Expert Opin Drug Discov. 2022 Aug;17(8):825-837. doi: 10.1080/17460441.2022.2084607. Epub 2022 Jun 7.
While immunotherapy strategies such as immune checkpoint inhibition and adoptive T cell therapy have become commonplace in cancer therapy, they suffer from limitations, including lack of patient response and toxicity. To wield the maximum potential of the immune system, cancer immunotherapy must integrate novel targets and therapeutic strategies with potential to augment clinical efficacy of currently utilized immunotherapies. PTPN22, a member of the protein tyrosine phosphatase (PTP) superfamily that downregulates T cell signaling and proliferation, has recently emerged as a systemically druggable and novel immunotherapy target.

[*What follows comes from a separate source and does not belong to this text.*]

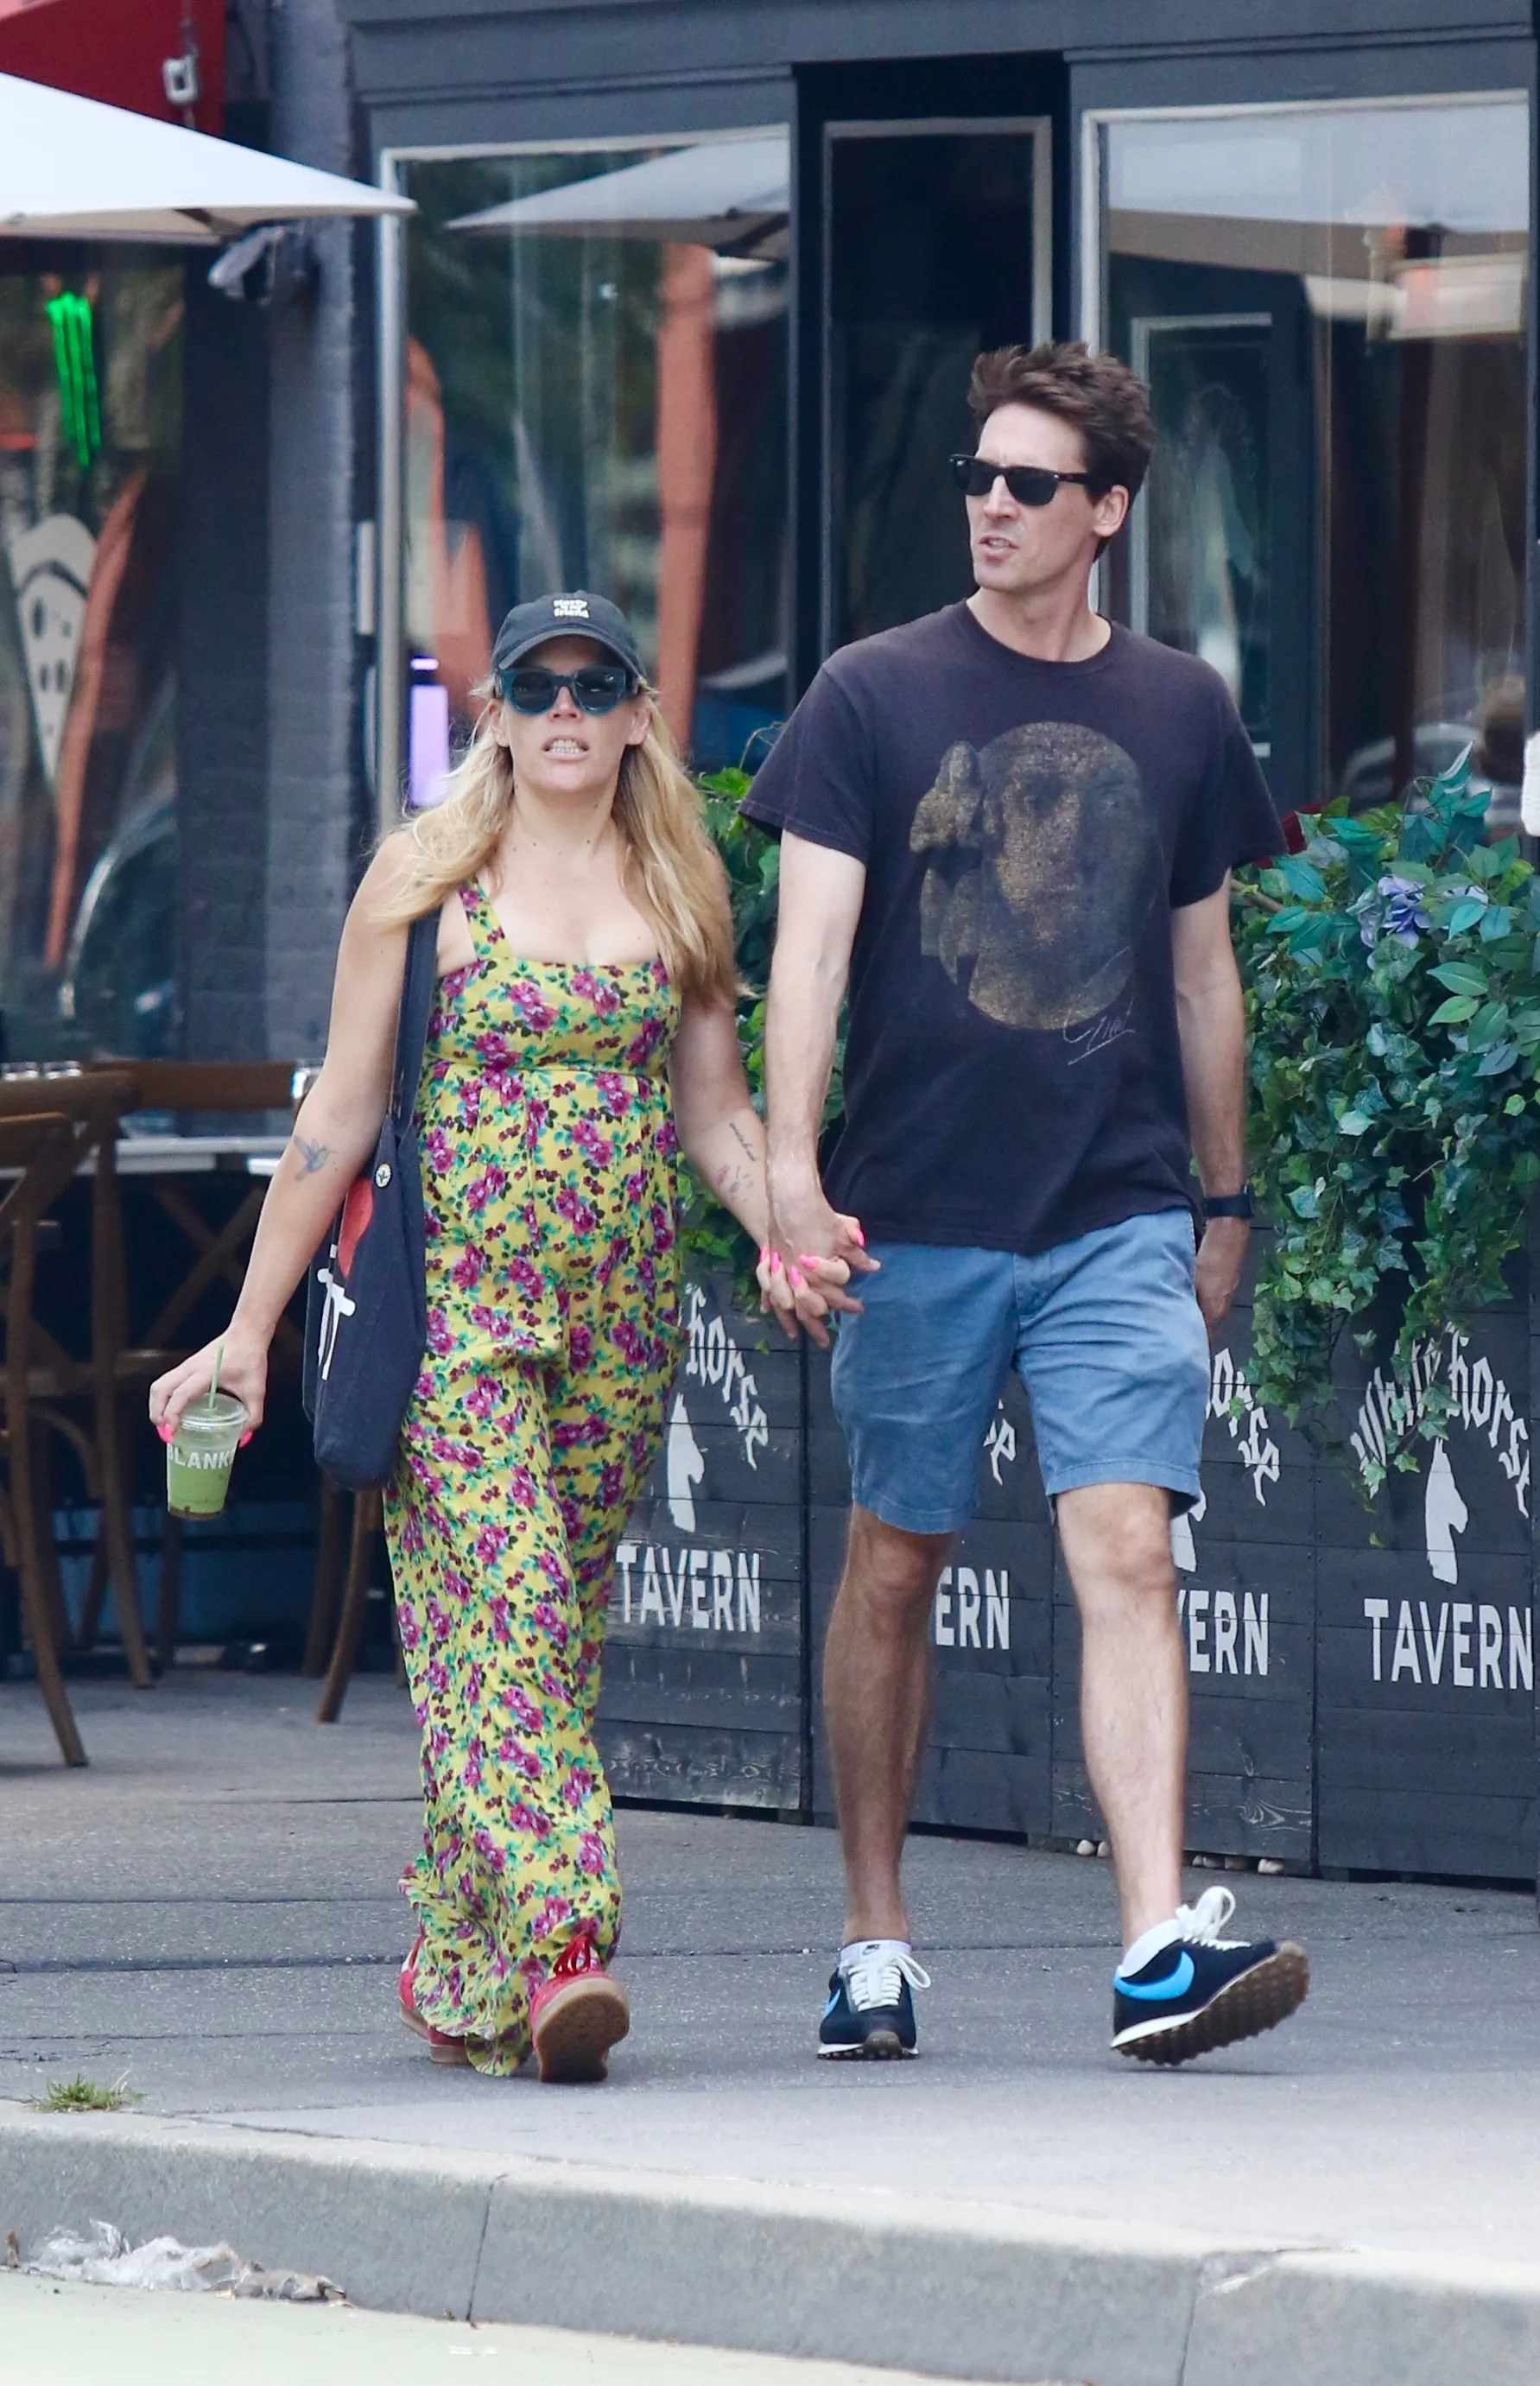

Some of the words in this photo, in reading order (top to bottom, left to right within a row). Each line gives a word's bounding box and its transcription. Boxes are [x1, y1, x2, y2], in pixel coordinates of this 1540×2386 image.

This review describes the basics of PTPN22 structure and function and provides comprehensive insight into recent advances in small molecule PTPN22 inhibitor development and the immense potential of PTPN22 inhibition to synergize with current immunotherapies.

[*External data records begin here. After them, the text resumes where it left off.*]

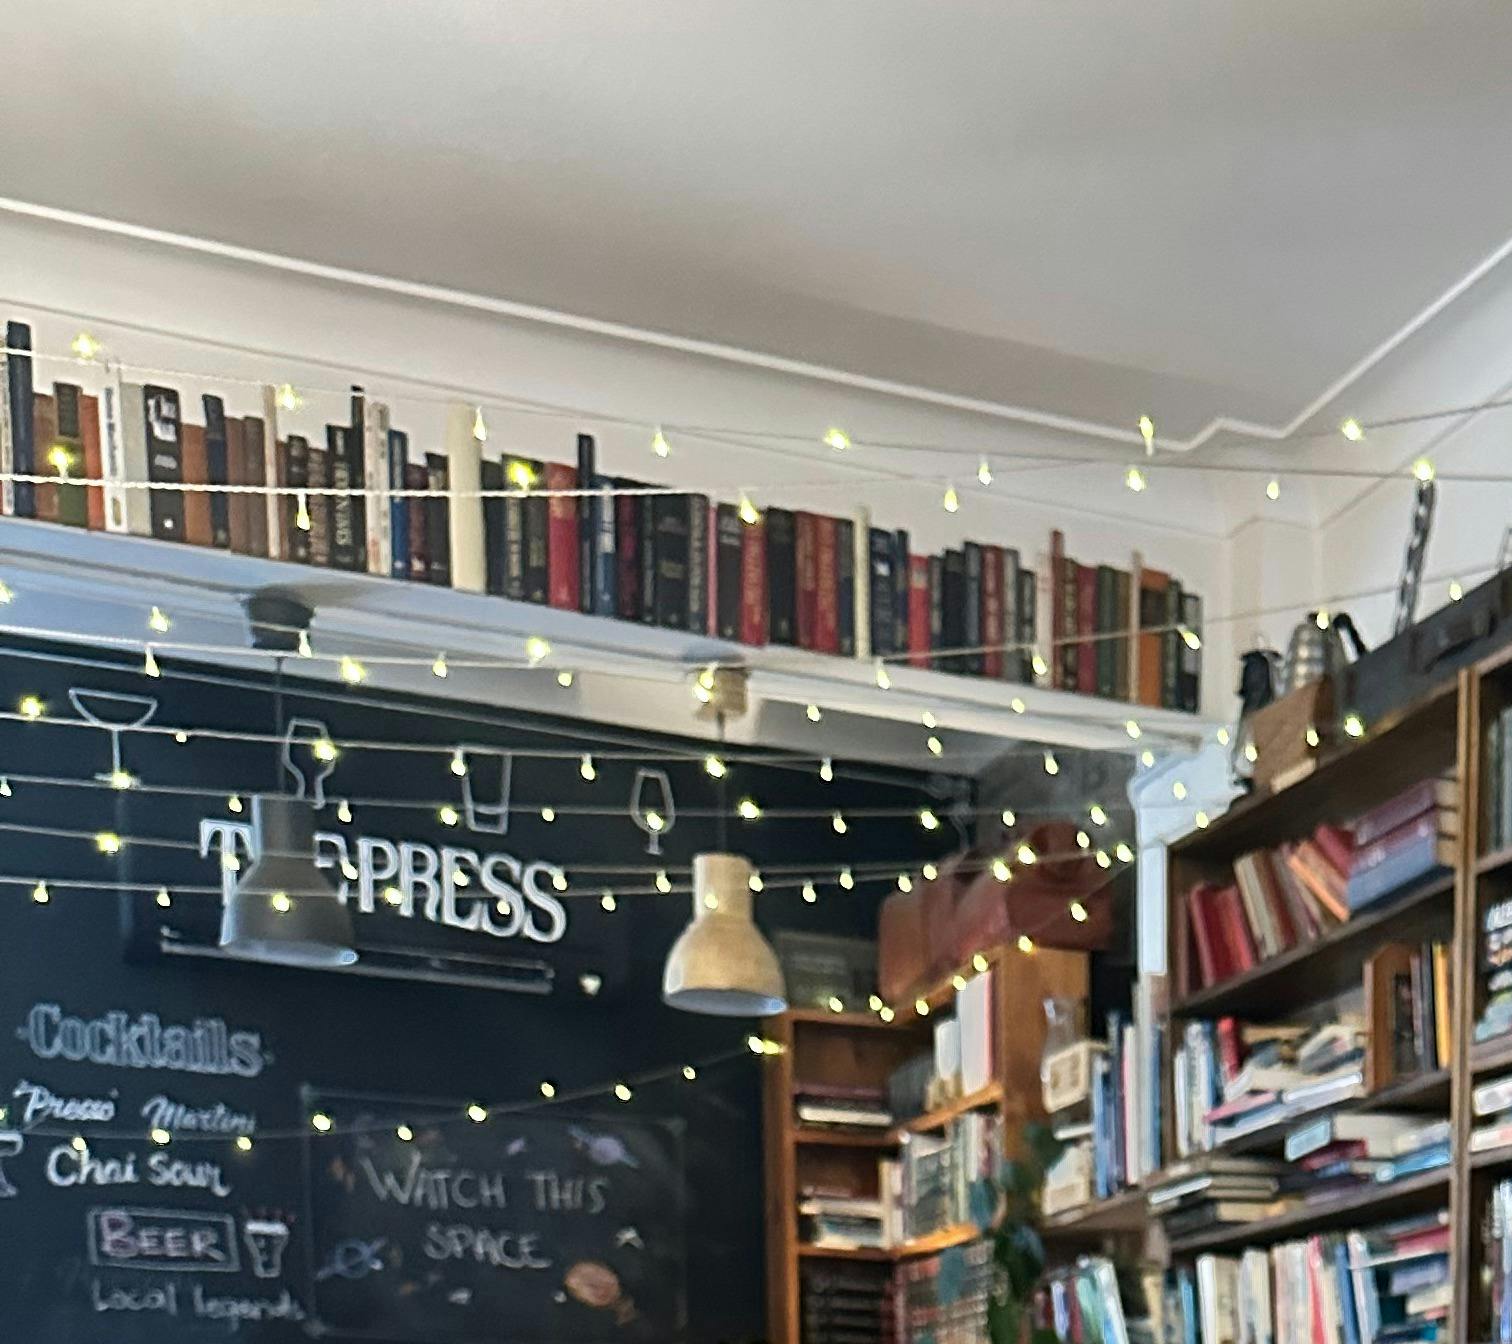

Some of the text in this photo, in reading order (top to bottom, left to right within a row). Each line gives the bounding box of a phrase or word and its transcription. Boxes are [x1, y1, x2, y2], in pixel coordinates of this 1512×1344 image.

[357, 836, 568, 944] PRESS
[28, 1003, 265, 1078] Cocktails
[47, 1145, 138, 1187] Chai
[358, 1149, 612, 1213] WATCH THIS
[101, 1209, 226, 1262] BEER
[423, 1224, 554, 1271] SPACE

It is apparent that small molecule PTPN22 inhibitors have enormous potential to augment efficacy of current immunotherapy strategies such as checkpoint inhibition and adoptive cell transfer. Nevertheless, several constraints must be overcome before these inhibitors can be applied as useful therapeutics, namely selectivity, potency, and efficacy.

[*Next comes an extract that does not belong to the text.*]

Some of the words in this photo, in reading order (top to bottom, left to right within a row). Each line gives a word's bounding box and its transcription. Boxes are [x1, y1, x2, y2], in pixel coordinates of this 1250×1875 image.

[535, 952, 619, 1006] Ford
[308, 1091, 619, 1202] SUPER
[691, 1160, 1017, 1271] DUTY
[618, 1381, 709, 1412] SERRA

虽然免疫疗法策略,如免疫检查点抑制和过继性 T 细胞疗法,已在癌症治疗中普遍应用,但它们存在一些局限性,包括缺乏患者应答和毒性。为了充分发挥免疫系统的潜力,癌症免疫疗法必须将新的靶点和治疗策略与目前应用的免疫疗法的临床疗效增强潜力相结合。PTPN22 是蛋白酪氨酸磷酸酶(PTP)超家族的一员,可下调 T 细胞信号转导和增殖,最近已成为一种全身性可用药的新型免疫治疗靶点。
本文描述了 PTPN22 的结构和功能基础,并全面介绍了小分子 PTPN22 抑制剂的最新进展,以及 PTPN22 抑制与当前免疫疗法协同作用的巨大潜力。
小分子 PTPN22 抑制剂显然具有增强当前免疫疗法策略(如检查点抑制和过继细胞转移)疗效的巨大潜力。然而,在这些抑制剂作为有用的治疗药物之前,必须克服几个限制,包括选择性、效力和功效。